The curé, whose name was Garnier, laughed sarcastically at the childishness of the pretext put forward by the commander-in-chief of the Army of the Meuse. “Was war waged for such a flimsy reason ever before in the history of the world?” he said. “What fire-eaters these ‘disguised’ French officers must have been! Imagine the hardihood of the braves who would ‘penetrate’ mighty Germany in one automobile! This silly lie bears the date of 4th August, yet my beloved church was then in ruins, and a large part of the village in flames!”

“Verviers seems to have escaped punishment. How do you account for it?” inquired Dalroy.

“It seems to be a deliberate policy on the part of the Germans to spare one town and destroy another. Both serve as examples, the one as typical of the excellent treatment meted out to those communities which welcome the invaders, the other as a warning of the fate attending resistance. Both instances are absolutely untrue. Every burgomaster in Belgium has issued notices calling on non-combatants to avoid hostile acts, and Verviers is exactly on a par with the other unfortified towns in this part of the country. The truth is, monsieur, that the Germans are furious because of the delay our gallant soldiers have imposed on them. It is bearing fruit too. I hear that England has already landed an army at Ostend.”

Dalroy shook his head. “I wish I might credit that,” he said sadly. “I am a soldier, monsieur, and you may take it from me that such a feat is quite impossible in the time. We might send twenty or thirty thousand men by the end of this week, and another similar contingent by the end of next week. But months must elapse before we can put in the field an army big enough to make headway against the swarms of Germans I have seen with my own eyes.”

“Months!” gasped the curé. “Then what will become of my unhappy country? Even to-day we are living on hope. Liège still holds out, and the people are saying, ‘The English are coming, all will be well!’ A man was shot to-day in this very town for making that statement.”

“He must have been a fool to voice his views in the presence of German troops.”

The priest spread wide his hands in sorrowful gesture. “You don’t understand,” he said. “Belgium is overrun with spies. It is positively dangerous to utter an opinion in any mixed company. One or two of the bystanders will certainly be in the pay of the enemy.”

Though the curé was now on surer ground than when he spoke of a British army on Belgian soil, Dalroy egged him on to talk. “My chief difficulty is to know how the money was raised to support all these agencies,” he said. “Consider, monsieur. Germany maintains an enormous army. She has a fleet second only to that of Britain. She finances her traders and subsidises her merchant ships as no other nation does. How is it credible that she should also find means to keep up a secret service which must have cost millions sterling a year?”

“Yes, you are certainly English,” said the priest, with a sad smile. “You don’t begin to estimate the peculiarities of the German character. We Belgians, living, so to speak, within arm’s-length of Germany, have long seen the danger, and feared it. Every German is taught that the world is his for the taking. Every German is encouraged in the belief that the national virtue of organised effort is the one and only means of commanding success. Thus, the State is everything, the individual nothing. But the State rewards the individual for services rendered.

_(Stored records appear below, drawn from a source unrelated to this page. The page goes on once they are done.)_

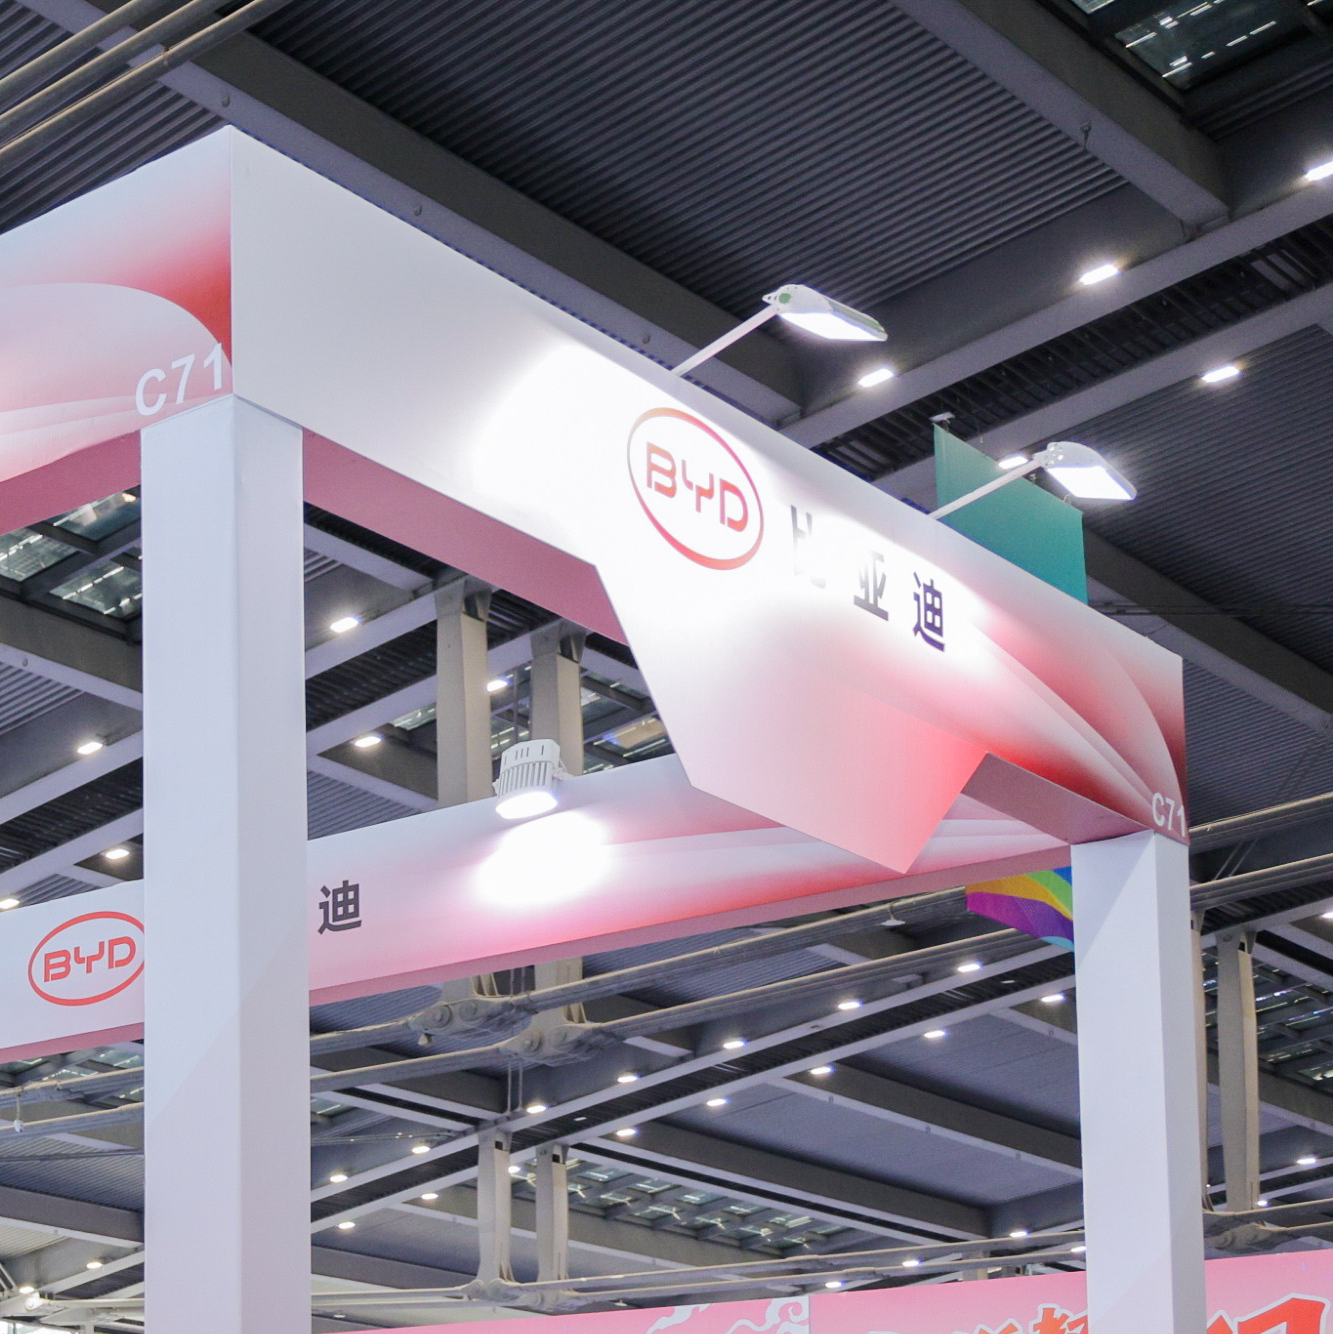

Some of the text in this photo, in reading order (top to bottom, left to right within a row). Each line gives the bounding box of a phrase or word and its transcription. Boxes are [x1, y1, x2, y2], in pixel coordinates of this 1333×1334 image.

[136, 342, 229, 420] C71
[646, 441, 749, 533] BYD
[1152, 791, 1186, 837] C71
[43, 879, 362, 982] BYD 迪
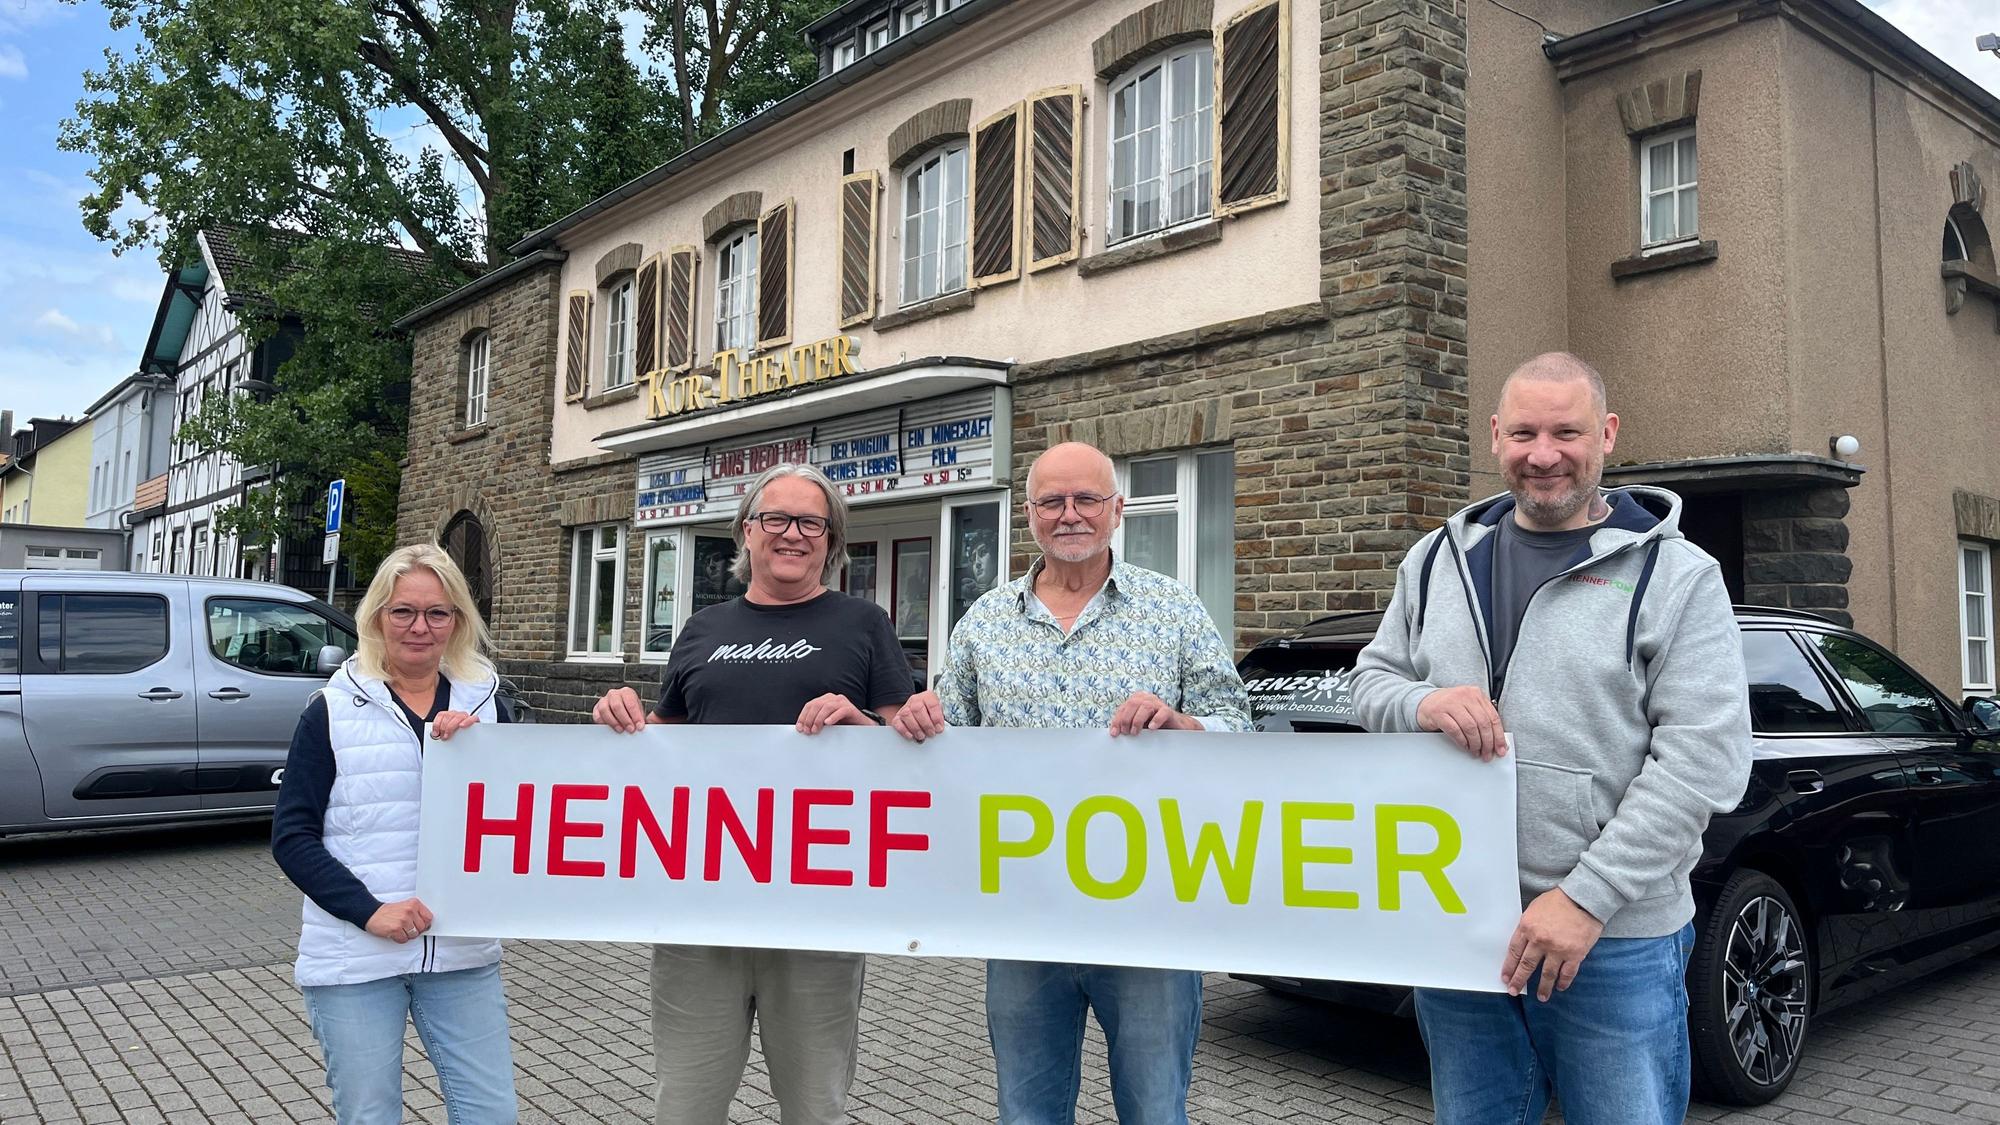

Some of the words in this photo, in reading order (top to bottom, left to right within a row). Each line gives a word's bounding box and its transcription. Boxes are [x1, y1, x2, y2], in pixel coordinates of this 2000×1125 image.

[908, 428, 924, 448] EIN
[932, 416, 992, 445] MINECRAFT
[831, 441, 848, 460] DER
[851, 434, 889, 457] PINGUIN
[932, 447, 957, 466] FILM
[711, 447, 745, 479] LARS
[823, 462, 857, 482] MEINES
[862, 456, 897, 477] LEBENS
[846, 484, 855, 496] SA
[861, 481, 870, 494] SO
[924, 473, 933, 485] SA
[940, 470, 949, 483] SO
[329, 488, 338, 526] P
[707, 638, 822, 663] mahalo
[463, 782, 932, 888] HENNEF
[979, 794, 1468, 915] POWER

The German dotes on titles and decorations, and what easier way of earning both than to supply information deemed valuable by the various State departments? Plenty of wealthy Germans in Belgium paid their own spies, and used the knowledge so gained for their private ends as well as for the benefit of the State. During the past twenty years the whole German race has become a most efficient secret society, its members being banded together for their common good, and leagued against the rest of the world. The German never loses his nationality, no matter how long he may dwell in a foreign country. My own church claims to be Catholic and universal, yet I would not trust a German colleague in any matter where the interests of his country were at stake. The Germans are a race apart, and believe themselves superior to all others. There was a time, in my youth, when Prussia was distinct from Saxony, or Würtemberg, or Bavaria. That feeling is dead. The present Emperor has welded his people into one tremendous machine, partly by playing upon their vanity, partly by banging the German drum during his travels, but mainly by dangling before their eyes the reward that men have always found irresistible—the spoliation of other lands, the prospect of sudden enrichment. Every soldier marching past this house at the present moment hopes to rob Belgium and France. And now England is added to the enticing list of well-stocked properties that may be lawfully burgled. I am no prophet, monsieur. I am only an old man who has watched the upspringing of a new and terrible force in European politics. I may live an hour or ten years; but if God spares me for the latter period I shall see Germany either laid in the dust by an enraged world or dominating the earth by brutal conquest.”